Towards a universal influenza vaccine: different approaches for one goal

Abstract

Influenza virus infection is an ongoing health and economic burden causing epidemics with pandemic potential, affecting 5-30% of the global population annually, and is responsible for millions of hospitalizations and thousands of deaths each year. Annual influenza vaccination is the primary prophylactic countermeasure aimed at limiting influenza burden. However, the effectiveness of current influenza vaccines are limited because they only confer protective immunity when there is antigenic similarity between the selected vaccine strains and circulating influenza isolates. The major targets of the antibody response against influenza virus are the surface glycoprotein antigens hemagglutinin (HA) and neuraminidase (NA). Hypervariability of the amino acid sequences encoding HA and NA is largely responsible for epidemic and pandemic influenza outbreaks, and are the consequence of antigenic drift or shift, respectively. For this reason, if an antigenic mismatch exists between the current vaccine and circulating influenza isolates, vaccinated people may not be afforded complete protection. There is currently an unmet need to develop an effective "broadly-reactive" or "universal" influenza vaccine capable of conferring protection against both seasonal and newly emerging pre-pandemic strains. A number of novel influenza vaccine approaches are currently under evaluation. One approach is the elicitation of an immune response against the "Achille's heel" of the virus, i.e. conserved viral proteins or protein regions shared amongst seasonal and pre-pandemic strains.

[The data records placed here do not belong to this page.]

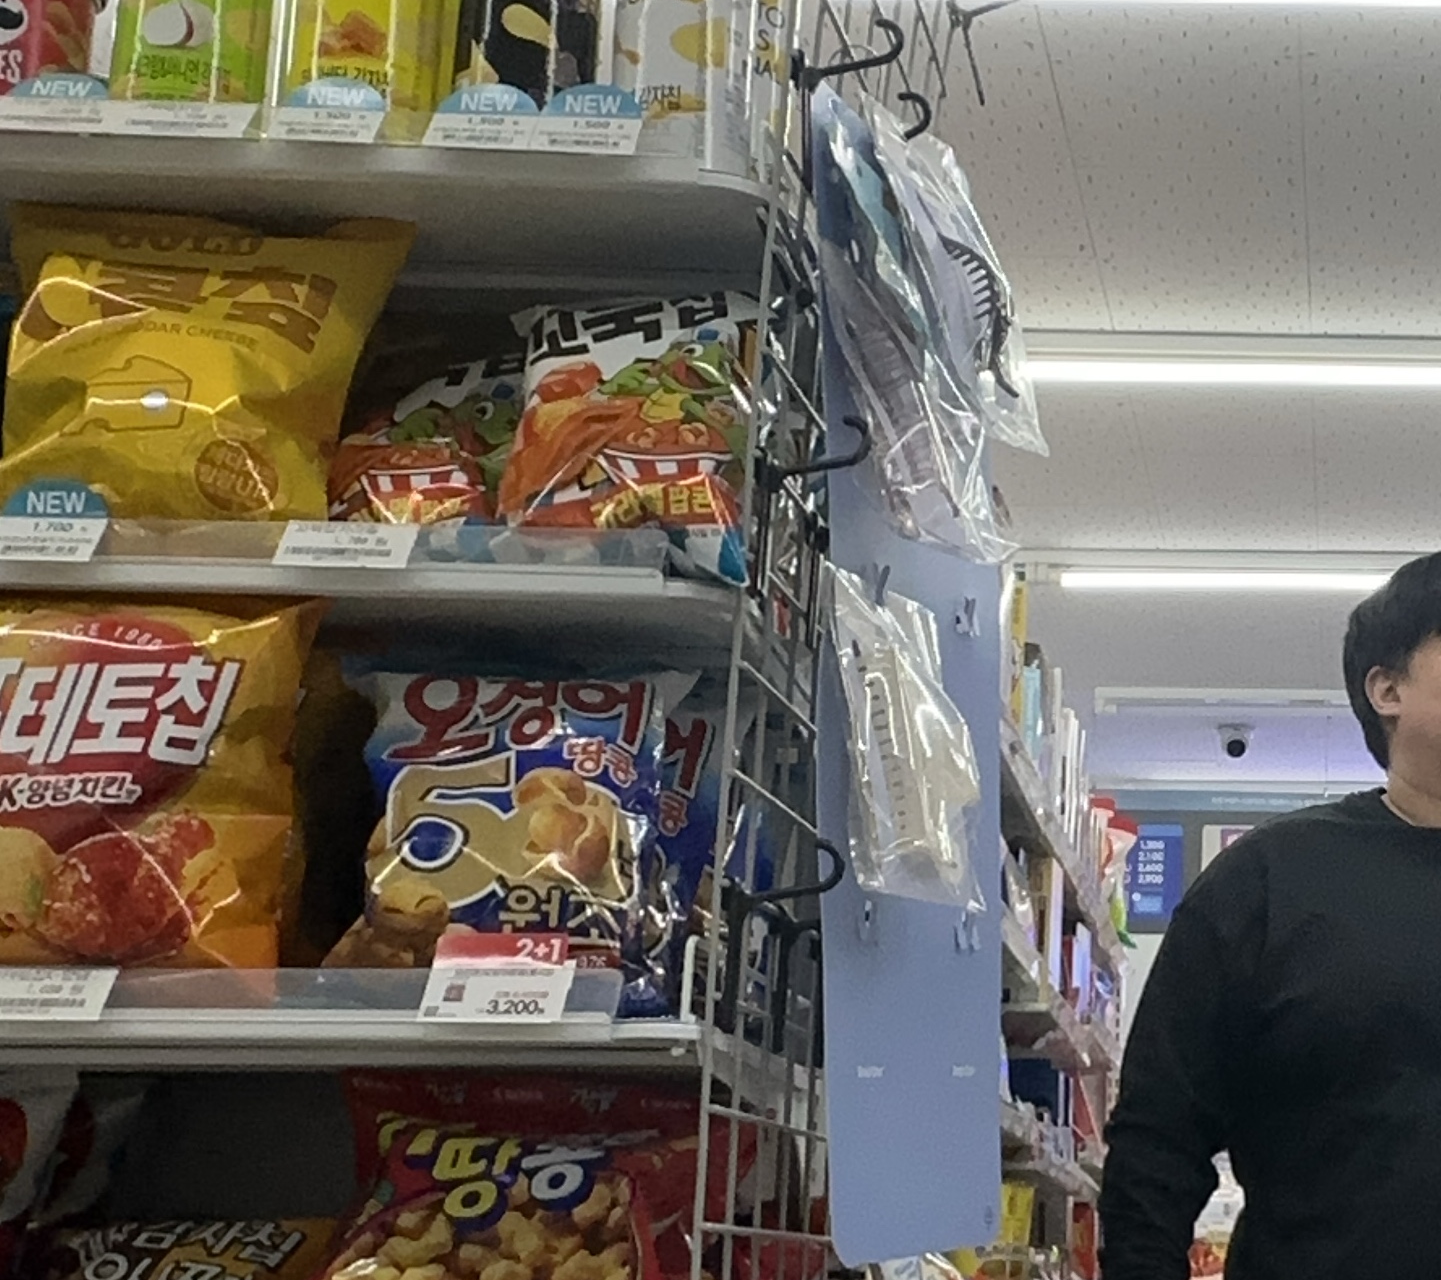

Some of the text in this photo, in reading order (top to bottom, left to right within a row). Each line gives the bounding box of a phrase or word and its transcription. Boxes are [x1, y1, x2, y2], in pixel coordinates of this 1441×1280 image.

[30, 79, 93, 97] NEW
[306, 87, 367, 108] NEW
[459, 91, 519, 112] NEW
[564, 95, 622, 114] NEW
[26, 490, 87, 514] NEW
[515, 937, 564, 963] 2+1

Alternatively, other approaches aim toward eliciting a broader immune response capable of conferring protection against the diversity of currently circulating seasonal influenza strains.In this review, the most promising under-development universal vaccine approaches are discussed with an emphasis on those targeting the HA glycoprotein. In particular, their strengths and potential short-comings are discussed. Ultimately, the upcoming clinical evaluation of these universal vaccine approaches will be fundamental to determine their effectiveness against preventing influenza virus infection and/or reducing transmission and disease severity.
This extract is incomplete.